Lia : Tu en as fait une édition ?

José : C’est marrant que tu me dises ça, justement en ce moment, j’ai envie de faire un livre. Il y a aussi toute une série de paysages enneigés que je suis parti faire à l’invitation d’Air France Magazine il y a quelques années dans la montagne au nord du Sapin, seul avec mon iPhone, une de mes meilleurs souvenirs du Japon.

Lia : Tes diptyques questionnent le regard, par le jeu de l’illusion, comme si il y avait un miroir mais que le reflet n’est pas celui attendu. 

José : J’aime ça, j’ai une fascination pour les jeux d'illusions, pour les miroirs, j’utilise beaucoup les miroirs dans mon travail alors que, étrangement, je me regarde très peu dans la glace. 

Lia : Le miroir a toujours été une grande source d'inspiration pour les créateurs. 

José : C'est très étrange, un miroir. Ça change tout le temps, tu ne sais pas toujours comment le capter, parfois tu te vois dedans mais tu ne te reconnais pas, il y a des jeux de reflets, des surprises. J'aime les surprises. C'est pour ça que ma pratique est si ouverte et que je peux être intéressé par beaucoup de choses. 

Lia : On peut dire que tu te laisses surprendre. 

José : En fait, je suis toujours à l'écoute de nouveaux projets, de recherches. Et mes recherches doivent toujours aboutir à quelque chose de concret. Je n'aime pas l'idée de la recherche pour la recherche. Durant le confinement, Florence Briat-Soulié, m'avait demandé de faire un projet, j'ai fait d'autres diptyques. C'était ce qui se passait pour moi à ce moment-là, ce que je voyais, des fleurs qui poussent, des oeufs verts, des carottes, des films, amis sous des formes différentes, les rapports aux choses étaient si modifiés…

Lia : Une forme de journal photographique du confinement. Encore un projet qui s'inscrit dans une capsule temporelle. D'après ce que tu me décris, ça me fait penser à des rébus.

José: Ah oui, il y a quelque chose comme ça. 

Lia : Finalement, tu fais converser deux images, deux systèmes de signes. On revient à l'idée de rencontre !
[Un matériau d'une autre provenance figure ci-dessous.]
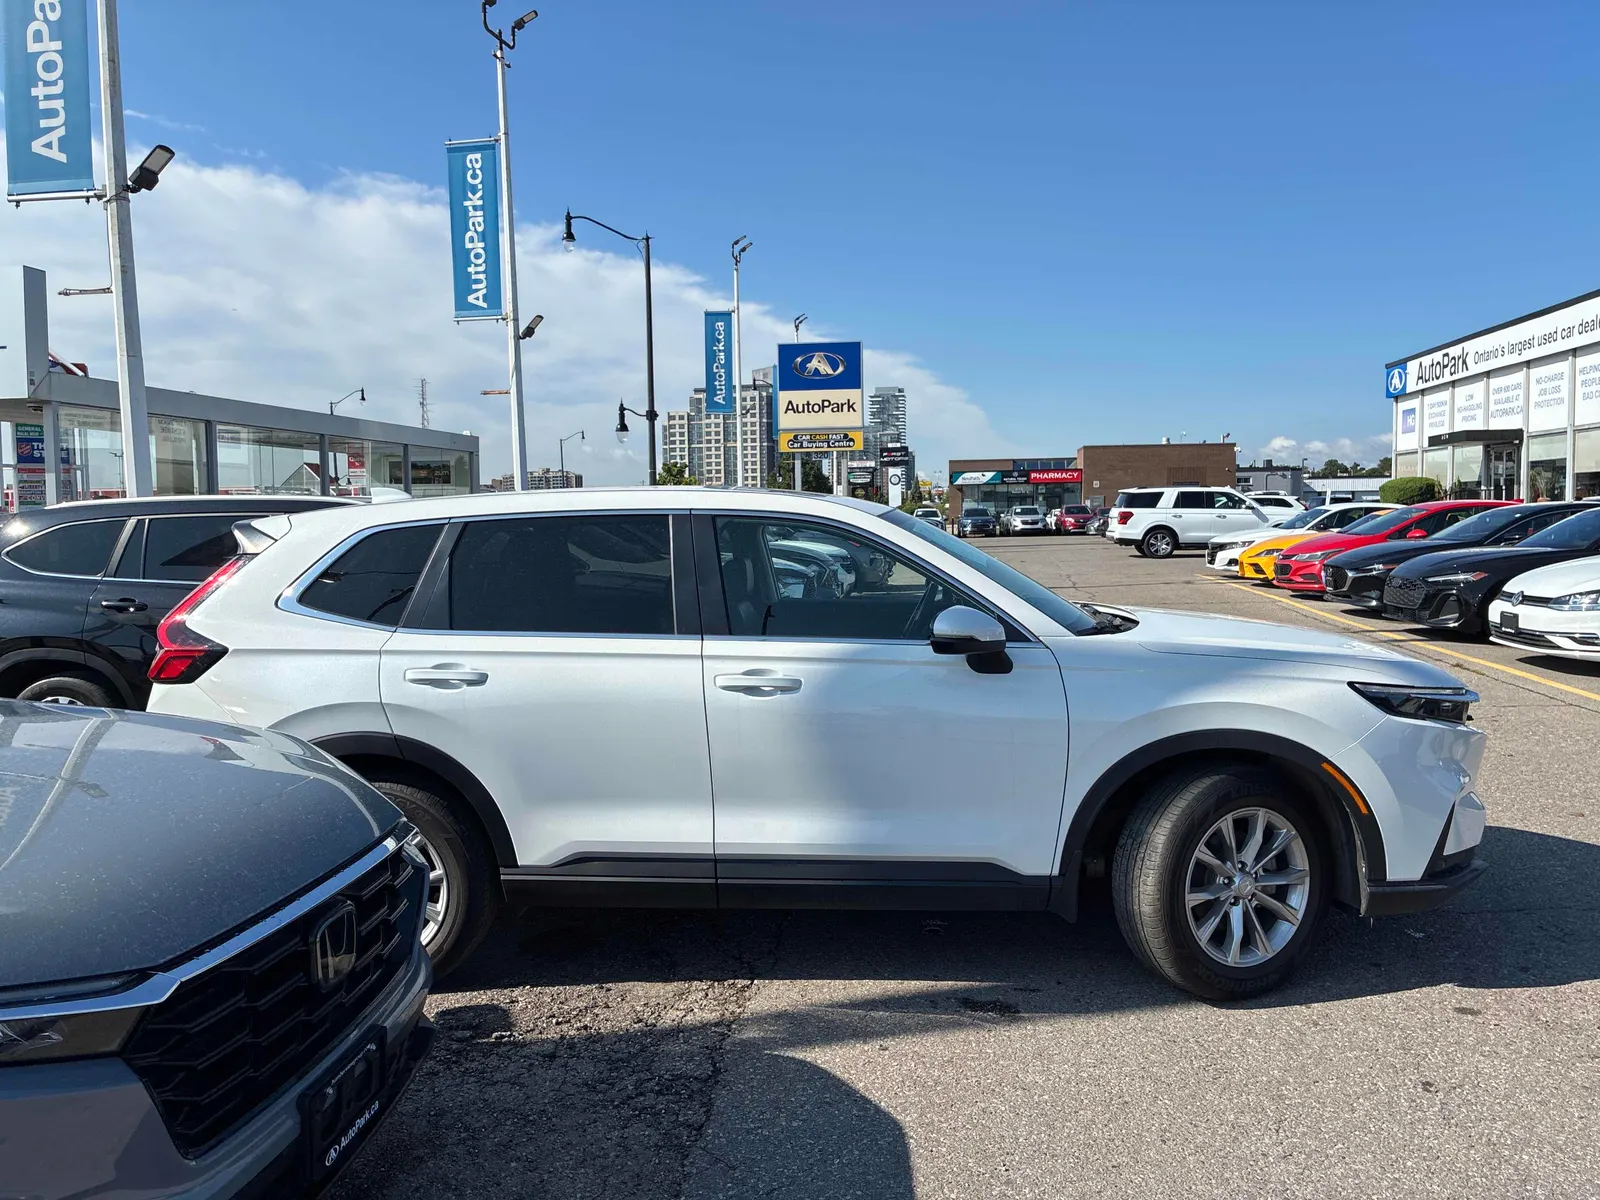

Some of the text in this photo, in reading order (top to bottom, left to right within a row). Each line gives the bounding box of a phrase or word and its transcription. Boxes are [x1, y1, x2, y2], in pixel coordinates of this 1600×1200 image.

José : Oui, les rencontres, les conversations sont des échanges qui me permettent d'avoir de nouvelles idées. Je n'ai jamais d'objet pré-dessiné pour qui que ce soit. D'ailleurs, je ne dessine pas de pièces, je dessine des histoires qui se répondent. Evidemment, chaque pièce doit exister toute seule, indépendamment. On n'est pas toujours obligé d'avoir chaque pièce du jeu. C'est important pour moi qu'une pièce puisse servir, le fait qu'elle puisse rentrer dans une certaine intimité de la personne qui la désire : la promesse doit tenir son engagement.

Lia : On est chez toi et il y a une multitude d'objets, de choses à observer. On est loin du minimalisme. 

José : En effet ! Même si à la fois, j’aime une certaine rigueur, plutôt un cadre en fait. C'est marrant, il y a des objets qu'on garde et des objets qu'on ne garde pas : MYSTÈRE !

Lia : Il arrive même qu'ils se fondent dans le décor à tel point qu'on ne les voit plus. Il suffit d'un autre regard pour que certains objets réapparaissent.